Mittwoch, 10. April 2024
Erste Gelübde in Taizé
Ökumenische Brüder-Gemeinschaft vor 75 Jahren gegründet
Zu Ostern stand auf dem Hügel von Taizé ein stilles Jubiläum an. Am Ostersonntag vor 75 Jahren, am 17. April 1949, legten die ersten sieben Brüder ihre Gelübde für ein lebenslanges Engagement ab. Erst 20 Jahre später, ebenfalls am Ostersonntag (6. April 1969), wurde dann erstmals ein Katholik aufgenommen.
Die Jahrzehnte bis zu diesem Punkt gehören wohl zu den spannendsten spirituellen Reisen des 20. Jahrhunderts. Im Zweiten Weltkrieg sucht der junge Schweizer Theologe Roger Schutz einen Ort, um in Gemeinschaft mit Gleichgesinnten leben und zugleich Kriegsflüchtlingen helfen zu können. Im Sommer 1940 findet er in der Nähe des einstigen Reformklosters Cluny das verfallene Weindorf Taizé. Mit geliehenem Geld kauft er eines der Natursteinhäuser im Ort.

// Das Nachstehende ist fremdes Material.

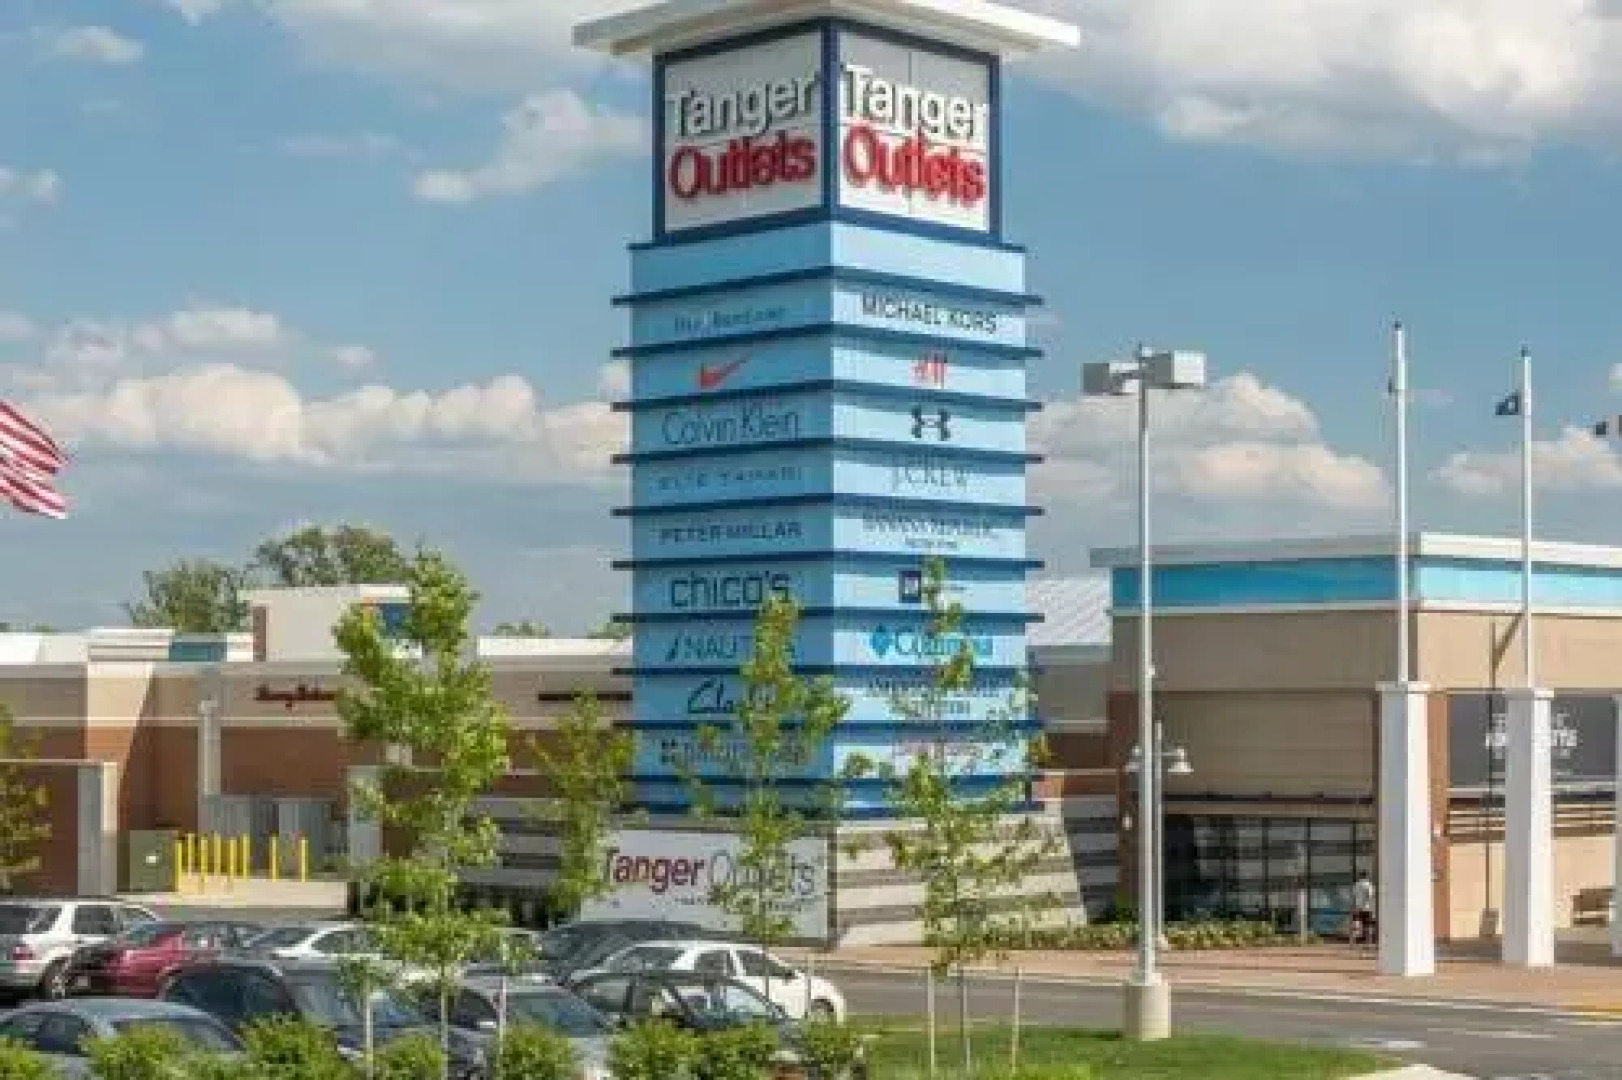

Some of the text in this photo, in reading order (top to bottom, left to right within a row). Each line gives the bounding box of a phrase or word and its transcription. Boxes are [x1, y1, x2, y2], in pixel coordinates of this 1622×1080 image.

Hier, nahe der Demarkationslinie zwischen dem nazibesetzten Frankreich und dem sogenannten freien Vichy-Frankreich, versteckt Roger jüdische und politische Flüchtlinge, die in die Schweiz wollen. 1941 formuliert er eine erste Ordnung für ein künftiges gemeinschaftliches Leben in Taizé. Doch 1942 wird Roger denunziert und muss zunächst in die Schweiz zurückkehren.

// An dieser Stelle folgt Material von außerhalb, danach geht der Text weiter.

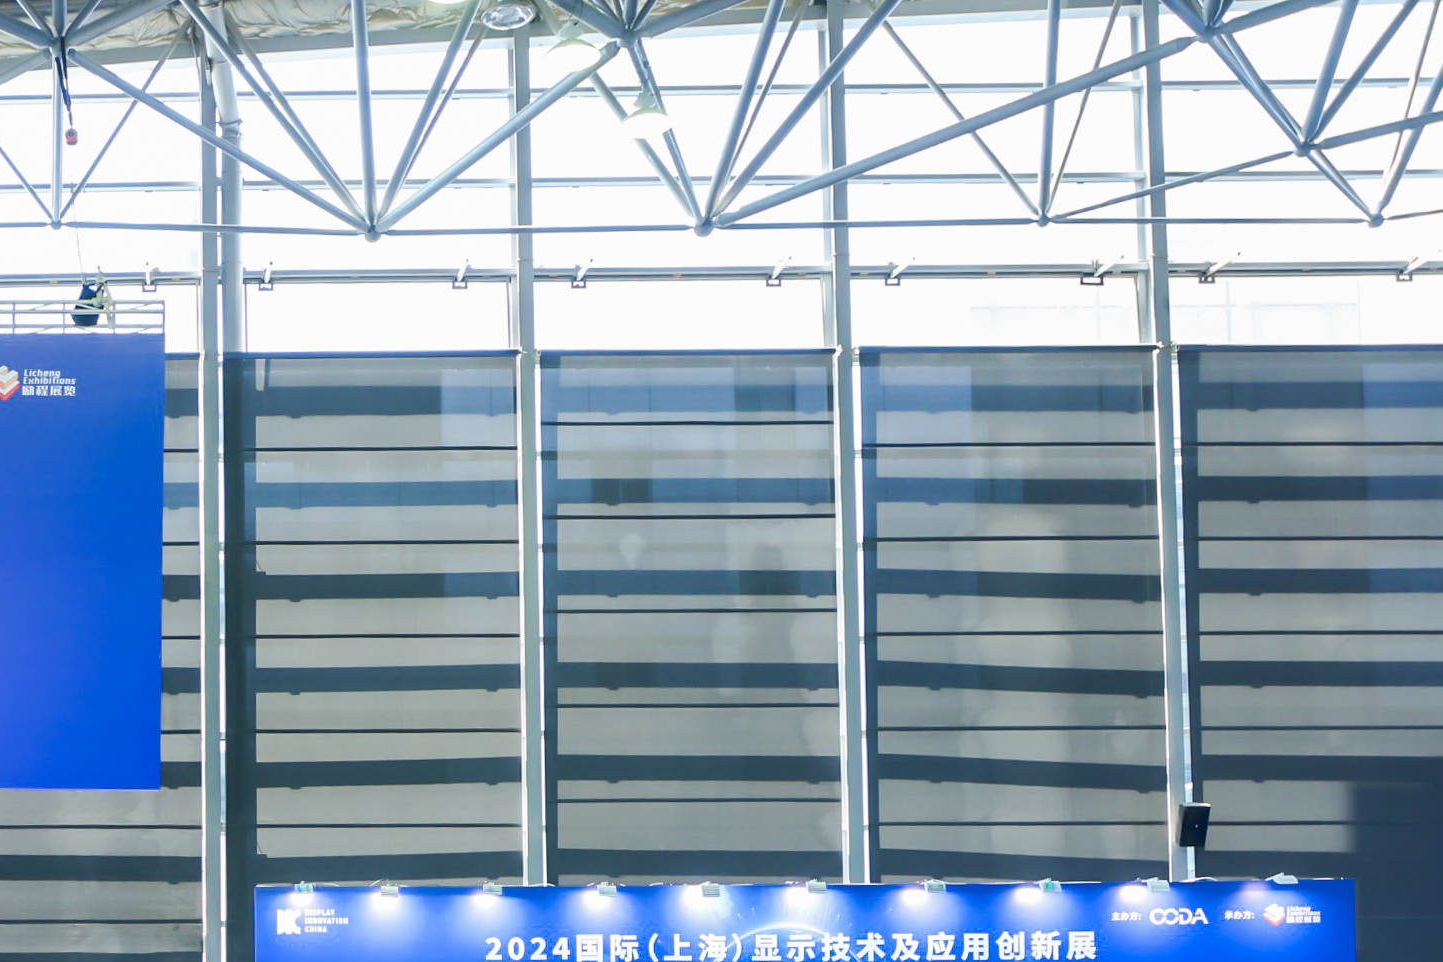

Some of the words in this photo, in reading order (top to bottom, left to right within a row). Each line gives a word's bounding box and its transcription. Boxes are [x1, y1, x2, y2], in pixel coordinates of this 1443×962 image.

[23, 369, 61, 379] Licheng
[23, 376, 76, 385] Exhibitions
[1149, 907, 1209, 925] CODA
[485, 931, 1097, 962] 2024国际（上海）显示技术及应用创新展
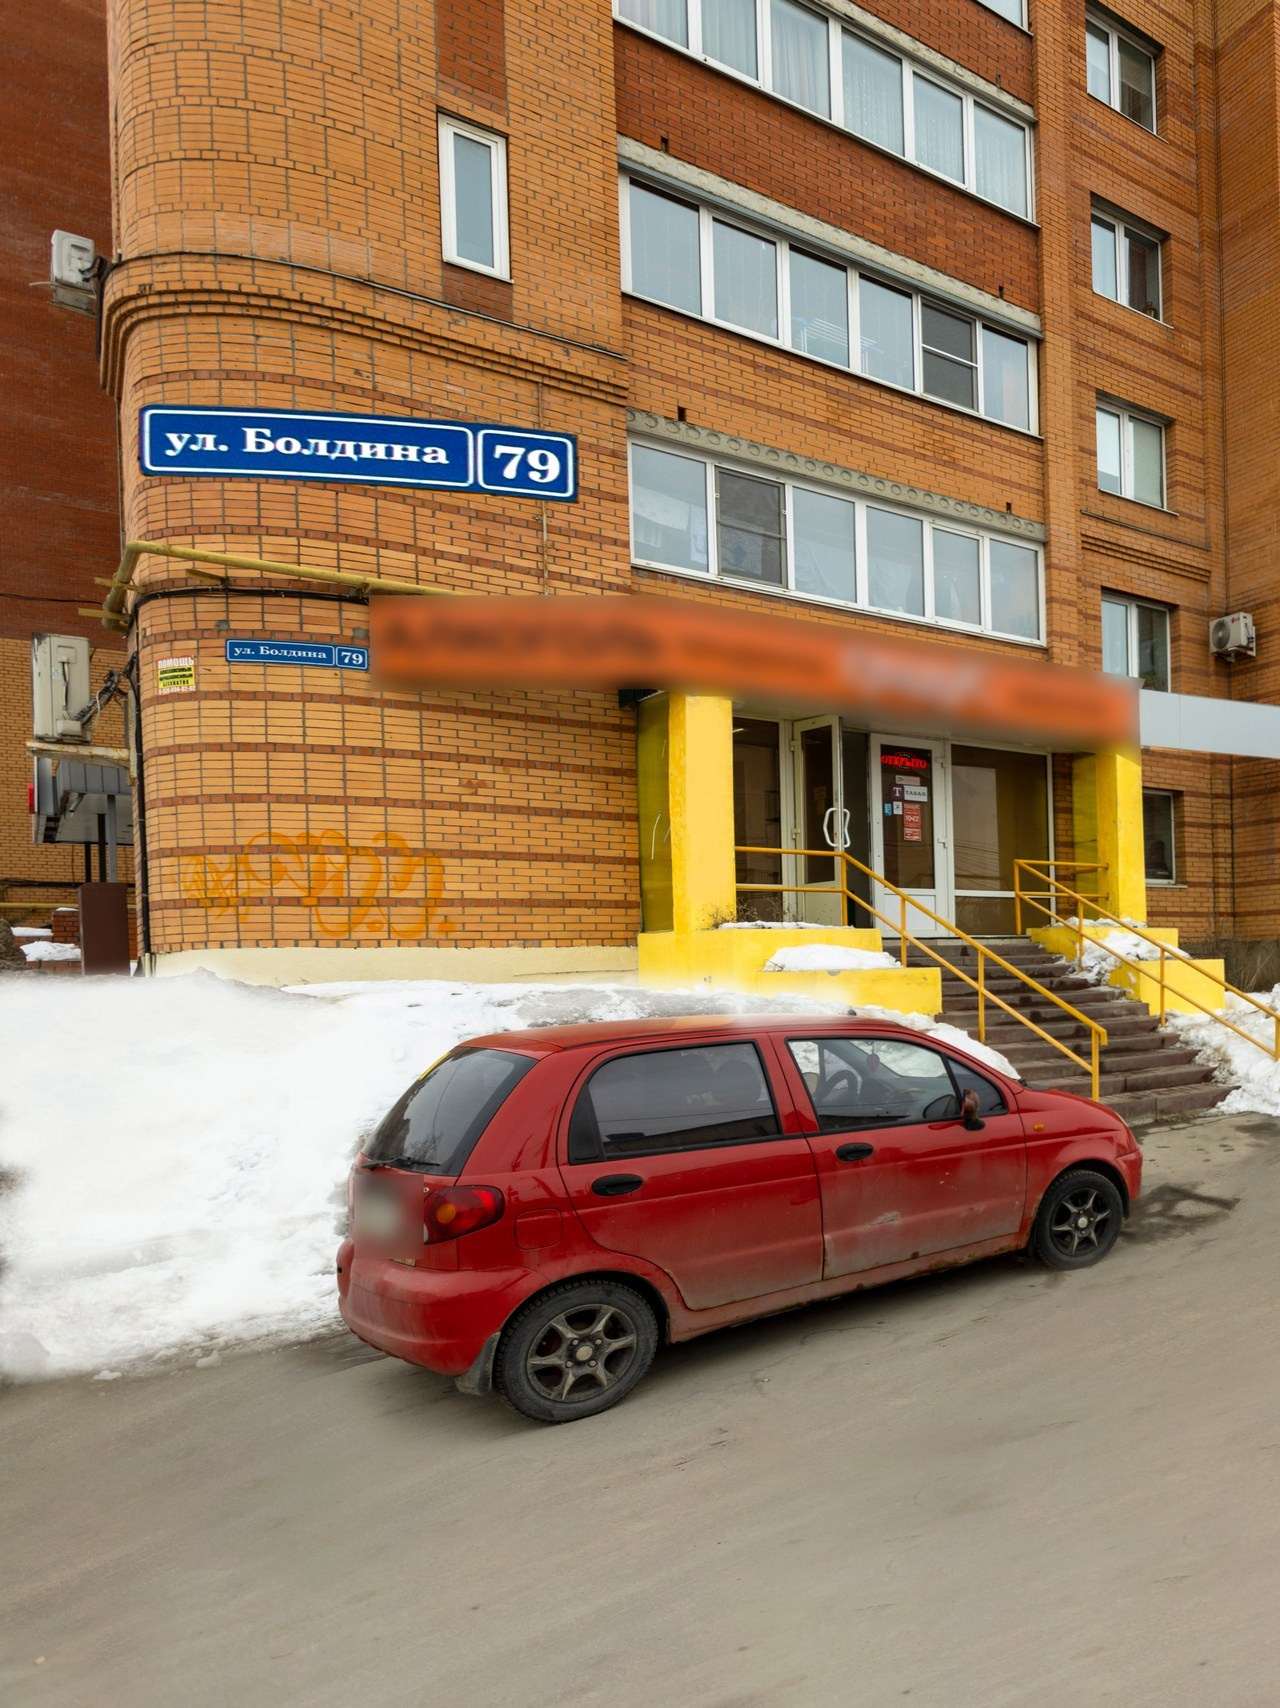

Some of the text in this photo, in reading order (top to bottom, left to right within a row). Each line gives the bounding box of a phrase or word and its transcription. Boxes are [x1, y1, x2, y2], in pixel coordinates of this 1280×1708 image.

[166, 428, 560, 483] ул. Болдина 79
[233, 645, 363, 665] ул. Болдина 79
[881, 756, 927, 769] ОТКРЫТО

Im Oktober 1944 kehrt er mit seinen beiden protestantischen Gefährten Max Thurian und Pierre Souvairan nach Taizé zurück – um für immer zu bleiben. Die Brüder kümmern sich nun um deutsche Kriegsgefangene aus der Umgebung und teilen ihre Mahlzeiten mit ihnen. Für französische Kriegswaisen mieten die Brüder zwei weitere Häuser an. Die Mutterrolle übernimmt Rogers jüngste Schwester Genevieve Schutz-Marsauche (1912 bis 2007). Sie liegt heute, nahe ihrem Bruder, vor der romanischen Kirche des Dorfes begraben – jener damals lange verlassenen katholischen Kirche, die die protestantischen Brüder gerne zum Gebet genutzt hätten – doch der Bischof von Autun erhebt Einspruch gegen solch „nichtkatholisches Tun“.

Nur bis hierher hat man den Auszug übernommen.